"""

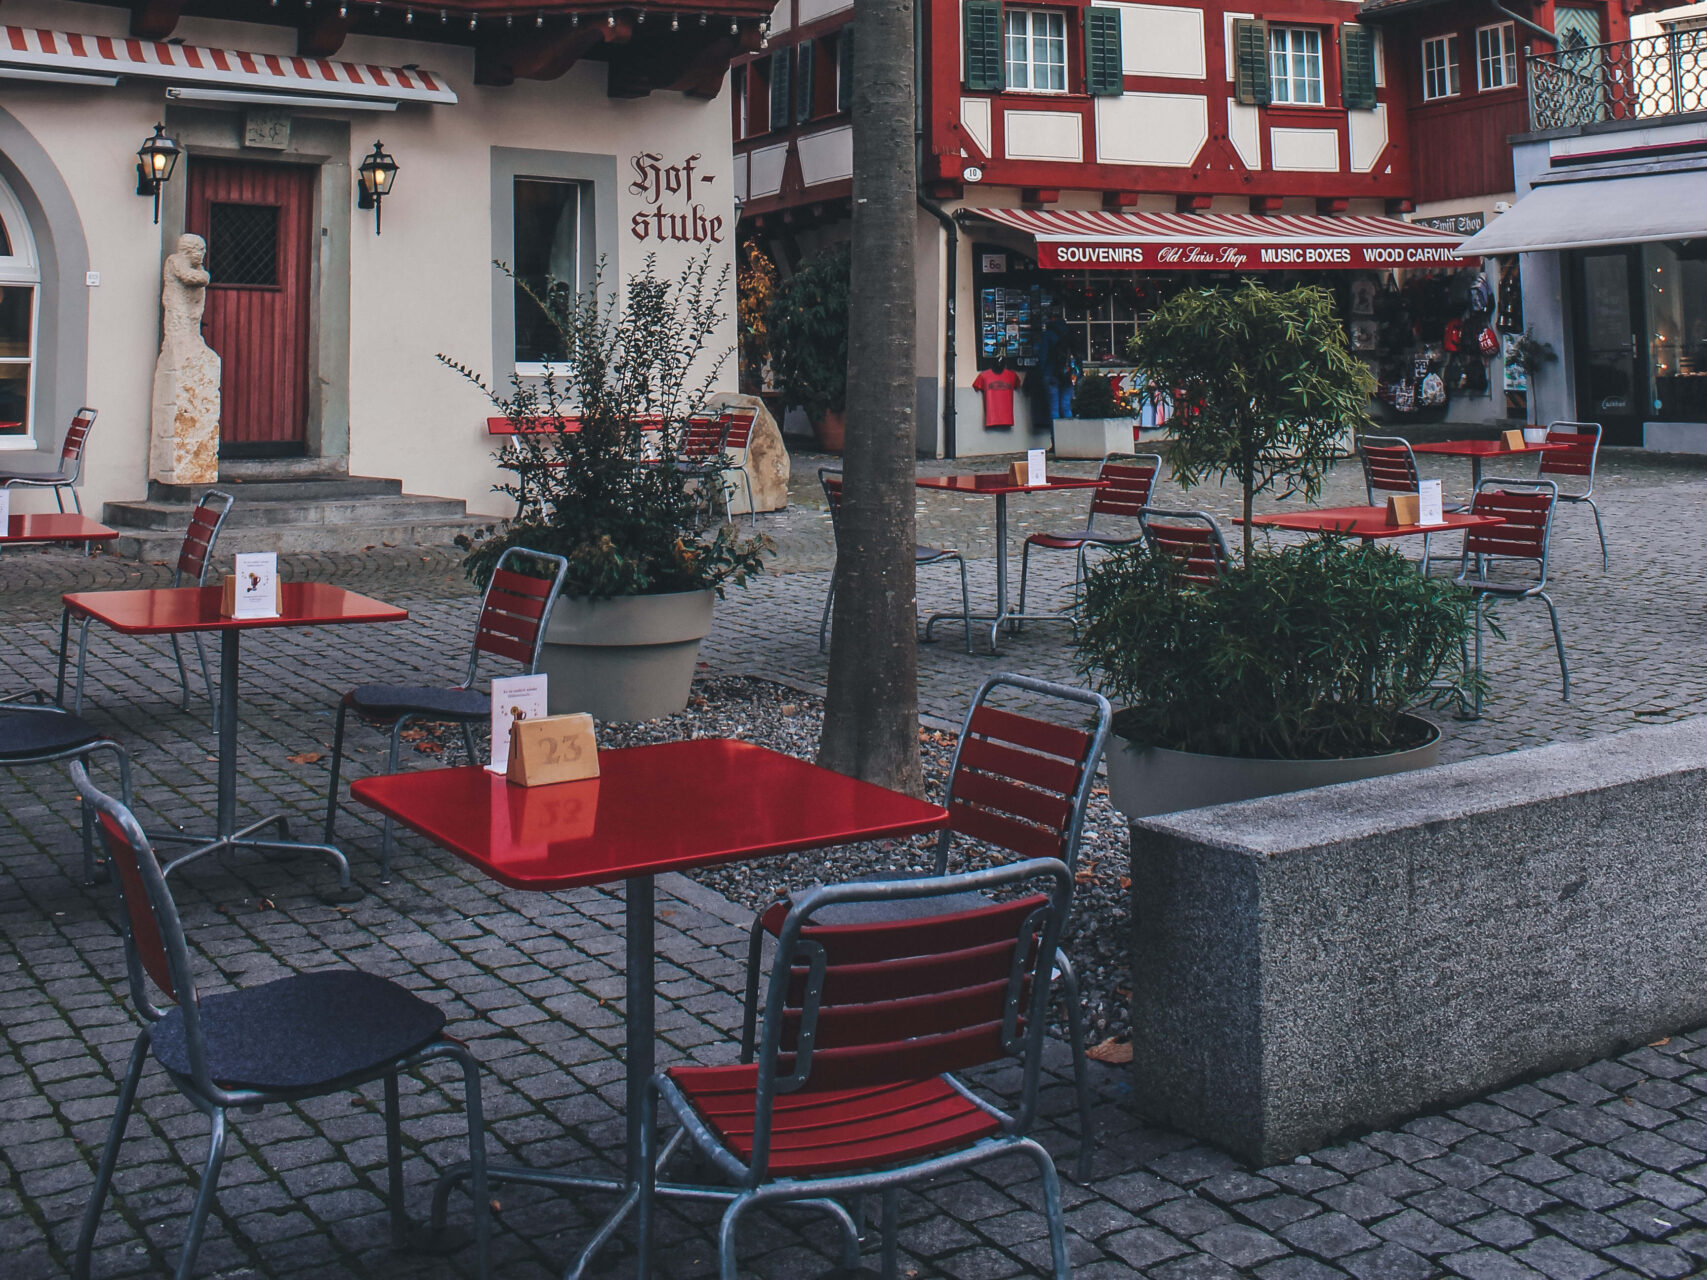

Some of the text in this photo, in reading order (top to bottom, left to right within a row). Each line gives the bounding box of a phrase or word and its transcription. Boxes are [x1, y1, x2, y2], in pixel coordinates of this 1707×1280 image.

[628, 151, 716, 205] Hof-
[969, 168, 978, 177] 10
[631, 203, 725, 244] stube
[1457, 215, 1482, 232] Shop
[1057, 246, 1463, 267] SOUVENIRS Old Swiss Shop MUSIC BOXES WOOD CARVIN
[538, 734, 582, 765] 23

"""

Problem:
Print every line above once more, exactly. Omit the pictures.

Task answer:
Some of the text in this photo, in reading order (top to bottom, left to right within a row). Each line gives the bounding box of a phrase or word and its transcription. Boxes are [x1, y1, x2, y2], in pixel coordinates of this 1707×1280 image.

[628, 151, 716, 205] Hof-
[969, 168, 978, 177] 10
[631, 203, 725, 244] stube
[1457, 215, 1482, 232] Shop
[1057, 246, 1463, 267] SOUVENIRS Old Swiss Shop MUSIC BOXES WOOD CARVIN
[538, 734, 582, 765] 23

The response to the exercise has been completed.